== Phrase grounding data ==
******************************
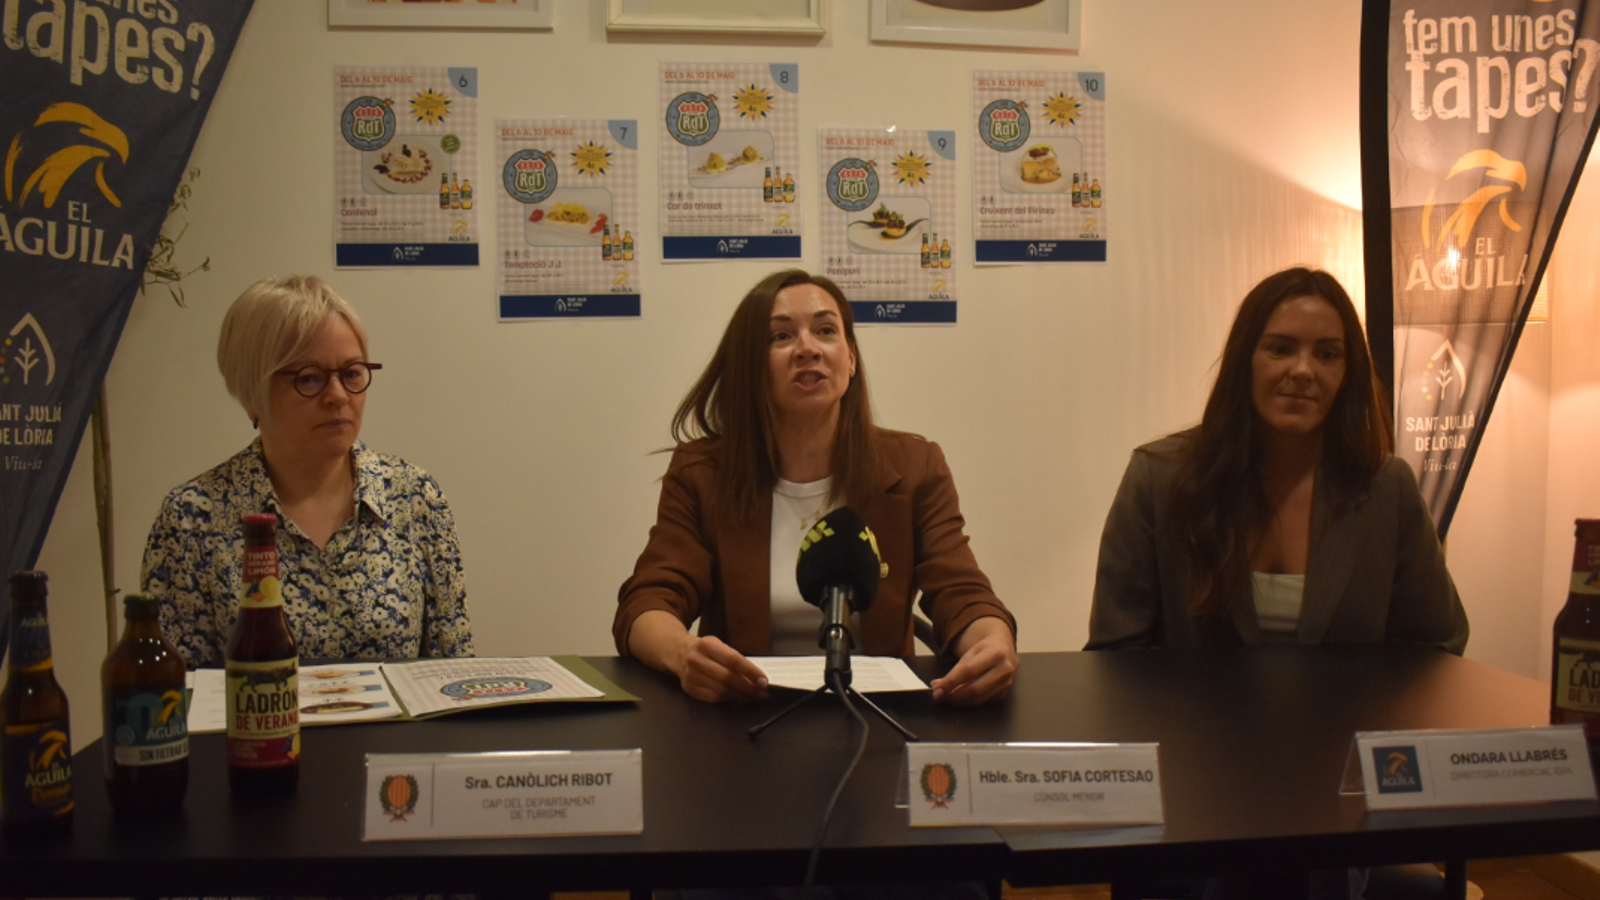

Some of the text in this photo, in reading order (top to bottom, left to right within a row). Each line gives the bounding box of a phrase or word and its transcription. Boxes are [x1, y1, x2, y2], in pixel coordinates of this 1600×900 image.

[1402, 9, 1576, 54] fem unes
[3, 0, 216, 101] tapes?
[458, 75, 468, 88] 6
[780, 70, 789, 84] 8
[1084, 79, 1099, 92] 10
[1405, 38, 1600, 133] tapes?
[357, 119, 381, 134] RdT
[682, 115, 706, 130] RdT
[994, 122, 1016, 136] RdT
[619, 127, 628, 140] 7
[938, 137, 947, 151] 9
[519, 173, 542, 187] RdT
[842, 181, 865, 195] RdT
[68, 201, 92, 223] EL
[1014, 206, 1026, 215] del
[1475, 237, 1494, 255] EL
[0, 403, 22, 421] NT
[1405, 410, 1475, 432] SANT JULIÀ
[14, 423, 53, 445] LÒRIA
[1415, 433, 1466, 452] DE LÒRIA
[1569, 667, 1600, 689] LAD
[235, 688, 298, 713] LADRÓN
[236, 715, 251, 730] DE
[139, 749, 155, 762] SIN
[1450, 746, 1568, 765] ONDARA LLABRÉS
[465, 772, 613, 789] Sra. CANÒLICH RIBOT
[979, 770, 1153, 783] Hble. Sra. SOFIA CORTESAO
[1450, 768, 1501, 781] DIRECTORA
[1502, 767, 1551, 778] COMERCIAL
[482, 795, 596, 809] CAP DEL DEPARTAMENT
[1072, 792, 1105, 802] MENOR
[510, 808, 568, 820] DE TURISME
******************************
Repeat the records above exactly, leaving out any pictures they contain.

== Answer box ==
Some of the text in this photo, in reading order (top to bottom, left to right within a row). Each line gives the bounding box of a phrase or word and its transcription. Boxes are [x1, y1, x2, y2], in pixel coordinates of this 1600×900 image.

[1402, 9, 1576, 54] fem unes
[3, 0, 216, 101] tapes?
[458, 75, 468, 88] 6
[780, 70, 789, 84] 8
[1084, 79, 1099, 92] 10
[1405, 38, 1600, 133] tapes?
[357, 119, 381, 134] RdT
[682, 115, 706, 130] RdT
[994, 122, 1016, 136] RdT
[619, 127, 628, 140] 7
[938, 137, 947, 151] 9
[519, 173, 542, 187] RdT
[842, 181, 865, 195] RdT
[68, 201, 92, 223] EL
[1014, 206, 1026, 215] del
[1475, 237, 1494, 255] EL
[0, 403, 22, 421] NT
[1405, 410, 1475, 432] SANT JULIÀ
[14, 423, 53, 445] LÒRIA
[1415, 433, 1466, 452] DE LÒRIA
[1569, 667, 1600, 689] LAD
[235, 688, 298, 713] LADRÓN
[236, 715, 251, 730] DE
[139, 749, 155, 762] SIN
[1450, 746, 1568, 765] ONDARA LLABRÉS
[465, 772, 613, 789] Sra. CANÒLICH RIBOT
[979, 770, 1153, 783] Hble. Sra. SOFIA CORTESAO
[1450, 768, 1501, 781] DIRECTORA
[1502, 767, 1551, 778] COMERCIAL
[482, 795, 596, 809] CAP DEL DEPARTAMENT
[1072, 792, 1105, 802] MENOR
[510, 808, 568, 820] DE TURISME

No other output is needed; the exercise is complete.